Devastating volcanic eruptions, caused by excess carbon in the atmosphere, could one day lead to the mass extinction of all marine animals, and possibly all life on Earth – so says a new study.
The dire warning comes amid dramatic seismic events in Guatemala and Hawaii, where hundreds of people have been either killed or displaced from their homes in recent weeks.
Researchers from Florida State University looked at data dating back millions of years to the Early Jurassic Period, when powerful volcanoes spewed huge amounts of carbon dioxide into the Earth’s atmosphere, drawing oxygen from the world’s oceans and killing marine life. The phenomenon was known as the ‘Toarcian Oceanic Anoxic Event.'
“It’s extremely important to study these past events,” said Theodore Them, a postdoctoral researcher at FSU. “It seems that no matter what event we observe in Earth’s history, when we see carbon dioxide concentrations increasing rapidly, the result tends to be very similar: a major or mass extinction event.”
“This is another situation where we can unequivocally link widespread oceanic deoxygenation to a mass extinction,” Them said. “If you’re an oxygen-consuming organism, you don’t want to see major changes in marine oxygen levels. You either adapt or go extinct.”
The study, published this week in the journal Proceedings of the National Academy of Sciences, outlines how a continued rise in carbon dioxide and global temperatures could spark a “cascade of hydrological, biological and chemical events that conspire to sap the oceans of oxygen.”
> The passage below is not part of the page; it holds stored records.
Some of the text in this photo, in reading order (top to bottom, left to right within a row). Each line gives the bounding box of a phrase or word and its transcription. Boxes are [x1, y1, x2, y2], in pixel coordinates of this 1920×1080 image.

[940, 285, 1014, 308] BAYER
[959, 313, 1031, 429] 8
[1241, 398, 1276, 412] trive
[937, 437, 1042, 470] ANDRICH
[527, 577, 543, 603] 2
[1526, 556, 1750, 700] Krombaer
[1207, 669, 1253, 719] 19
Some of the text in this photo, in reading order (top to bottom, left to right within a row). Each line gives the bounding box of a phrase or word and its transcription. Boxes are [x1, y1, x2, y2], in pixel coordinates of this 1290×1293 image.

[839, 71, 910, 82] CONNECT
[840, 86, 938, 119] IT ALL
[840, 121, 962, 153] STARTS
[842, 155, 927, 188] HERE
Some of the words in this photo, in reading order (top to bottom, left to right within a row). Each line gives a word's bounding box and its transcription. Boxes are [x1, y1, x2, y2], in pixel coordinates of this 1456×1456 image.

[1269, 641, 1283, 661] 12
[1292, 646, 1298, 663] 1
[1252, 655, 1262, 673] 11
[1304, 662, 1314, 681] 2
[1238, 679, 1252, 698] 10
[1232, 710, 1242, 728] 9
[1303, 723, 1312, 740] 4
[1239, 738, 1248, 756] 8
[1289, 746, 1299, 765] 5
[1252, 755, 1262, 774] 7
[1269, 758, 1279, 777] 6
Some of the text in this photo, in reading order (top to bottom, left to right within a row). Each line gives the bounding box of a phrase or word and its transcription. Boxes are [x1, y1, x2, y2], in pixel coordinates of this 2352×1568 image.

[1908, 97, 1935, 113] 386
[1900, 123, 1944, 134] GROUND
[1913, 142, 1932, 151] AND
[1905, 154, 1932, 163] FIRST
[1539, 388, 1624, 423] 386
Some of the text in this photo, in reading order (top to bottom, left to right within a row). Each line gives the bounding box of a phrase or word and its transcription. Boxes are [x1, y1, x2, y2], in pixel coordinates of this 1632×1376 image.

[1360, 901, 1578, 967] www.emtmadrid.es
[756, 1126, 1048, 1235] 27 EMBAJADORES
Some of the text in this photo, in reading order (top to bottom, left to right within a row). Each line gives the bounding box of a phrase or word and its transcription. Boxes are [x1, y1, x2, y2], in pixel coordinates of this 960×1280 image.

The study is of particular concern given the number of volcanic events taking place across the Earth just now. But according to Smithsonian’s Natural History Global Volcanism Program, any thought that volcanic activity has increased is a load of old rubbish.
More than 1,500 volcanoes on the planet have erupted at some point in the last 11,500 years. Today, some 15 volcanoes are spewing their volcanic ash and carbon-based materials into the blue sky above – a number very much consistent with any time in modern history.
READ MORE: Siberian volcanoes triggered Earth’s most devastating extinction event – study
For some context, consider this mini history lesson: there have been five mass extinction events on Earth, the greatest being the Permian mass extinction, otherwise known as the The Great Dying, which took place 248 million years ago.
And if you want to impress some strangers with your staggering depth of knowledge at the next dinner party you attend, try this fact on for size: some 95 percent of the world’s species died out in the Permian extinction. All life on Earth is descended from the surviving species.